In this section of the report the committee explore inequalities in outcomes, as well as issues relating to continuity of carer, informed choice and personalised care, and the need to ensure that women are not pressurised to have unassisted vaginal births.  Some of the key points in this section of the report are as follows:

  • Women and babies from minority ethnic and socioeconomically deprived backgrounds are at greater risk of stillbirth, neonatal death, brain injury and maternal death compared to their white and less deprived privileged peers. The committee recognises that is a wide range of reasons for this that go beyond the remit of the Department of Health and Social Care and calls upon the government as a whole to develop a strategy to end this inequality.  However, the committee considers that having continuity of carer (i.e. consistency in the midwife or clinical team caring for the mother and baby throughout the pregnancy, labour and the postnatal period) could help to achieve this goal.
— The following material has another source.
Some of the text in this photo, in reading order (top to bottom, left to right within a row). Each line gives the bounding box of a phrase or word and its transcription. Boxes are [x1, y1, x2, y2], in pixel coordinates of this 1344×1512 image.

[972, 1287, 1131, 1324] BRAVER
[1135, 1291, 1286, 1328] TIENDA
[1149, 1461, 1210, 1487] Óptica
  • The committee heard evidence that women were made to feel like failures for having caesarean sections and the report issues a challenge to all of those working in leadership positions in the NHS to “stamp out the damaging ideological focus on ‘normality at all costs’ and to instead focus on the ideology of “the only birth is a safe birth”. It calls for an end to the use of the term “normal birth” to describe vaginal deliveries, and that every woman giving birth should have “a right to their choice of pain relief during birth, in line with clinical advice on what would be safe for them and their baby”.
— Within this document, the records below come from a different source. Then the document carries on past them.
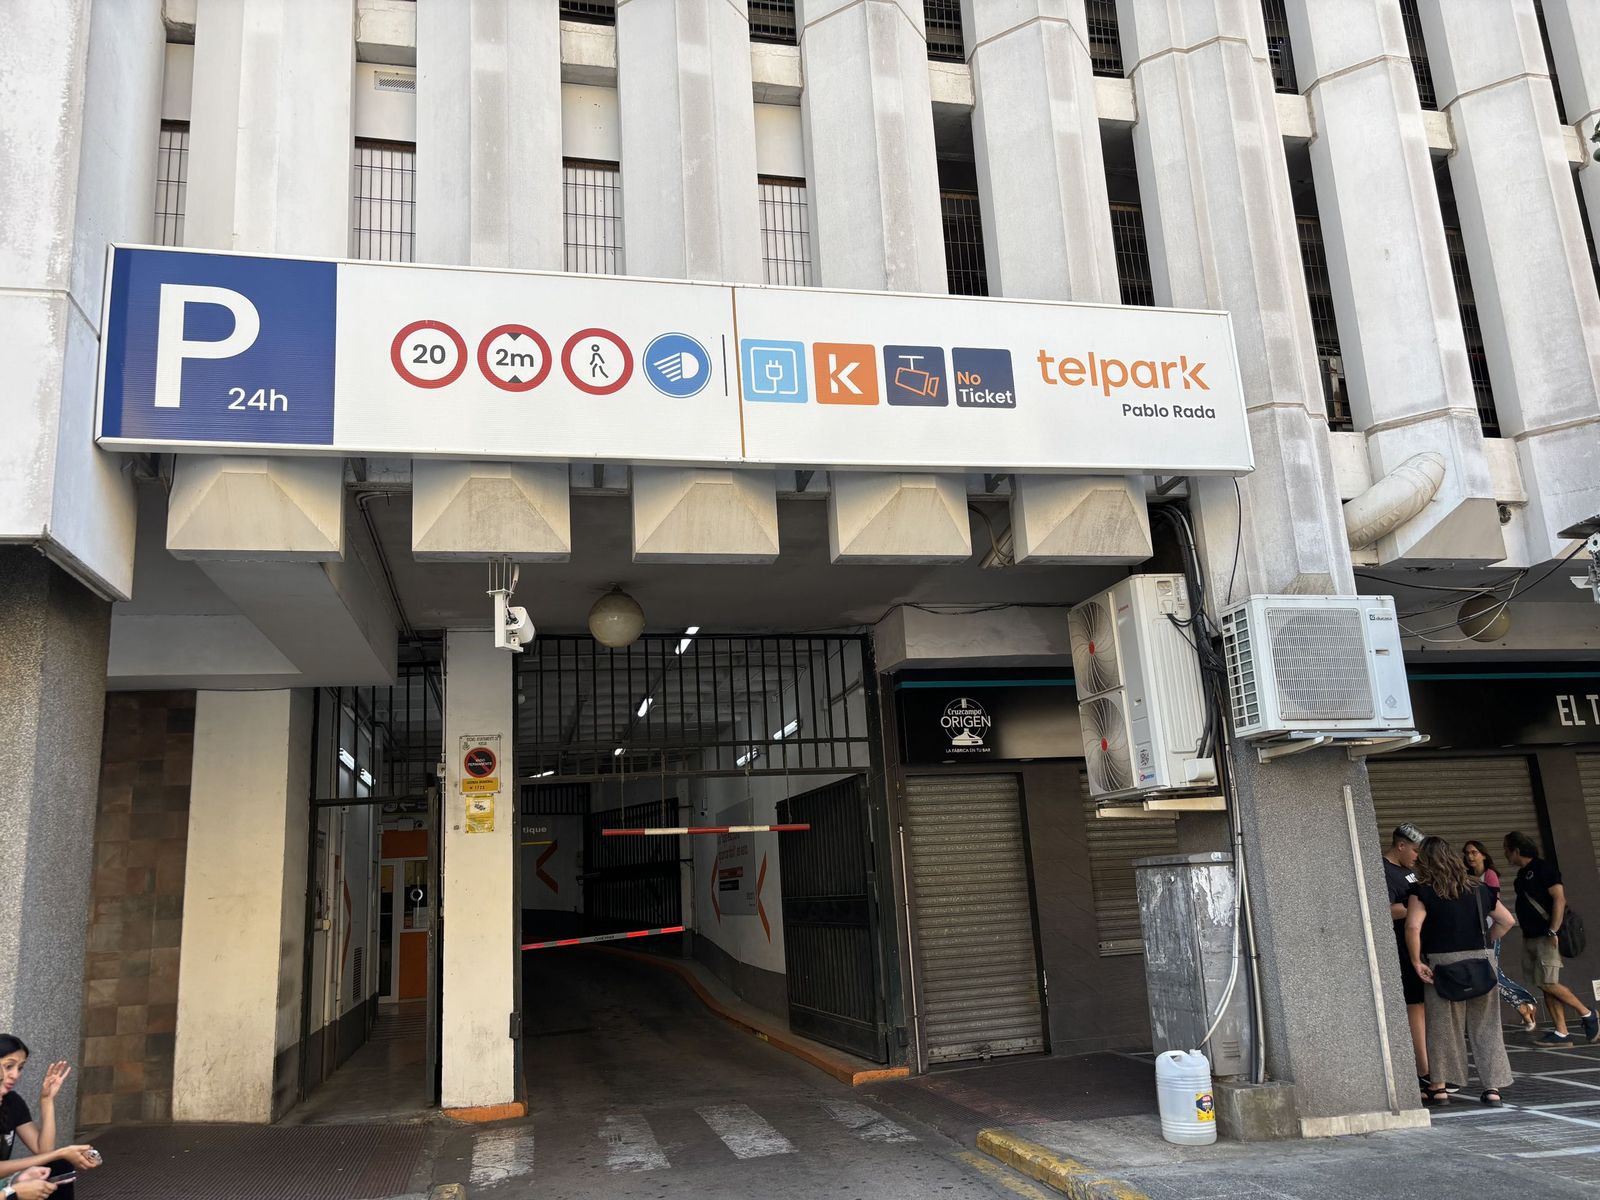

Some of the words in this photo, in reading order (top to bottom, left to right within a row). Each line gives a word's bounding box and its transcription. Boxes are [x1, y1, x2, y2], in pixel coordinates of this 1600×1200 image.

[154, 283, 260, 408] P
[412, 343, 446, 365] 20
[495, 348, 534, 368] 2m
[957, 371, 981, 386] No
[1036, 349, 1211, 397] telpark
[227, 387, 288, 412] 24h
[959, 388, 1013, 404] Ticket
[1122, 403, 1169, 418] Pablo
[1173, 405, 1216, 419] Rada
[947, 708, 982, 716] Cruzcampo
[1556, 694, 1586, 726] EL
[1585, 694, 1600, 726] T
[940, 715, 992, 728] ORIGEN
  • It calls for NHS England and Improvement to establish a working group made up women and their families and clinicians, to develop a set of actions for maternity services to consider in order to ensure no woman feels pressured to have a vaginal delivery and is always informed clearly in relation to the safest option for delivery.

Conclusion

This report sets out a vision for a well-funded, safe and reflective healthcare system that would surely significantly reduce the number of injuries and deaths that sadly continue to occur, though the report does acknowledge that “England remains a largely safe place to give birth and efforts to increase the safety of maternity services have led to further improvements”.  It remains to be seen whether there is an appetite in government to spend the very substantial sums of money on expanding the maternity workforce that the report calls for, and the merits of the Swedish approach to compensation need further exploration, but there is plenty in the report that will be welcomed and embraced by anyone who wants to see a safer NHS for mothers and babies.